建設資材は大学周囲を囲んでいる道路から搬入され、トラックが構内を通ることはなかった。

工場の土地は70年間の借地とされた。

千は多くの山野を昔から所有していた。

それらの一部の広大な林野を演習林として大学に寄贈することで大学構内に土地を借りることができたのだった。

 工場敷地の周囲は2mの長さの亜鉛メッキされた安全鋼板と単管で農場と仕切られていた。

道路側には建設現場でよく見かける大型の鉄の扉でできた入口があった。

工場は平屋で屋根は緩い傾斜を持ち、所々に明かり取り用の天窓があった。

工場の外壁は一般住宅で使用されているようなアルミがコートされたパネルでできていたが窓は一つもなかった。
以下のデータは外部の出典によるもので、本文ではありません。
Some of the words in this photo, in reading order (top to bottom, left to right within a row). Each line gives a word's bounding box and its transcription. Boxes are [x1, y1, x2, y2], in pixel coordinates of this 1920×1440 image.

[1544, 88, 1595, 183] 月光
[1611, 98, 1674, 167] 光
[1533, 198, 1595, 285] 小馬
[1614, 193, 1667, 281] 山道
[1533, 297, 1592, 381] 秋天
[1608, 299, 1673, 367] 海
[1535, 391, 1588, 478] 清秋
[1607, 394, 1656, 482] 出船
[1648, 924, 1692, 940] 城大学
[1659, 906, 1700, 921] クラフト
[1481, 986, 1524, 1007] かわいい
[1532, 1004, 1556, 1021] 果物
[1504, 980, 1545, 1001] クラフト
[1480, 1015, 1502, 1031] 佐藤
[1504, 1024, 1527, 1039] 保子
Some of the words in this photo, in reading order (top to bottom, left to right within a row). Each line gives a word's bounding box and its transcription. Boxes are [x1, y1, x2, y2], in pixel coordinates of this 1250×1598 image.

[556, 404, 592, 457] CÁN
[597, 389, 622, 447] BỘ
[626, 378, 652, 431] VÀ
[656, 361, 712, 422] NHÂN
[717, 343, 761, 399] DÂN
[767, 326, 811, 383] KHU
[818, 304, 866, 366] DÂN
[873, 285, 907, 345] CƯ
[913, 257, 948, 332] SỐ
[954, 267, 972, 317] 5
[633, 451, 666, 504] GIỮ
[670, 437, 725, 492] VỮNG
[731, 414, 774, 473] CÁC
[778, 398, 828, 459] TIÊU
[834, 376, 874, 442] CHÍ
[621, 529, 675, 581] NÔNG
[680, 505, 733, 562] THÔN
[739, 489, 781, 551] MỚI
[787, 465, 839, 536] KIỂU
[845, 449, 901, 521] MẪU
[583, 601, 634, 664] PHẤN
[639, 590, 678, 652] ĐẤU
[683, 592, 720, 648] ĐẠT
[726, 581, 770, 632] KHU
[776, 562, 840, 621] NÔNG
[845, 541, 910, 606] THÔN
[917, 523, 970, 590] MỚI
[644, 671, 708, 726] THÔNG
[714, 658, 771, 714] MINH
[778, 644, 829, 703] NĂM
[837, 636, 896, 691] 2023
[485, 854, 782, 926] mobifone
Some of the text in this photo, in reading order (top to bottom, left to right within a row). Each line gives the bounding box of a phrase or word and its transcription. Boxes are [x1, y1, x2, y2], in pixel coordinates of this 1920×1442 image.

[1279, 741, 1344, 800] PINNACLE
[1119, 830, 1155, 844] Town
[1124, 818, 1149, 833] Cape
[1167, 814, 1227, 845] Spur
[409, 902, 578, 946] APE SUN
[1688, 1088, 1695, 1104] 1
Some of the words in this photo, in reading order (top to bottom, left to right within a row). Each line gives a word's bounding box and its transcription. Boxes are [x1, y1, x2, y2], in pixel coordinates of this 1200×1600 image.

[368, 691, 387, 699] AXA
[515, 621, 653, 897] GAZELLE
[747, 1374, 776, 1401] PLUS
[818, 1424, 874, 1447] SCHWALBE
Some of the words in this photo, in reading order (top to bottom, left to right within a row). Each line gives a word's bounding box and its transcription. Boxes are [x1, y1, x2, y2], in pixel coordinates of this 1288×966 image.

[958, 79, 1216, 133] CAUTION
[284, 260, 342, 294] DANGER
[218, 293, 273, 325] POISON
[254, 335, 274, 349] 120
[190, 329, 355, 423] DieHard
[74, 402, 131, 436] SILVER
工場はコンクリートが敷かれた方形の広場が中心にある方形をしており中心の広場はヘリコプターが離発着できるに十分な広さを持っていた。

建物の周囲は玉砂利が一面に分厚く敷きつめられ農場からの種子が育つことを妨げていた。

実験工場は外側から見れば必要最少限の費用で建築されているように見えた。

 工場は外部からの引き込み電線も見えなかったし、上水道のカランも下水道の蓋も見えなかった。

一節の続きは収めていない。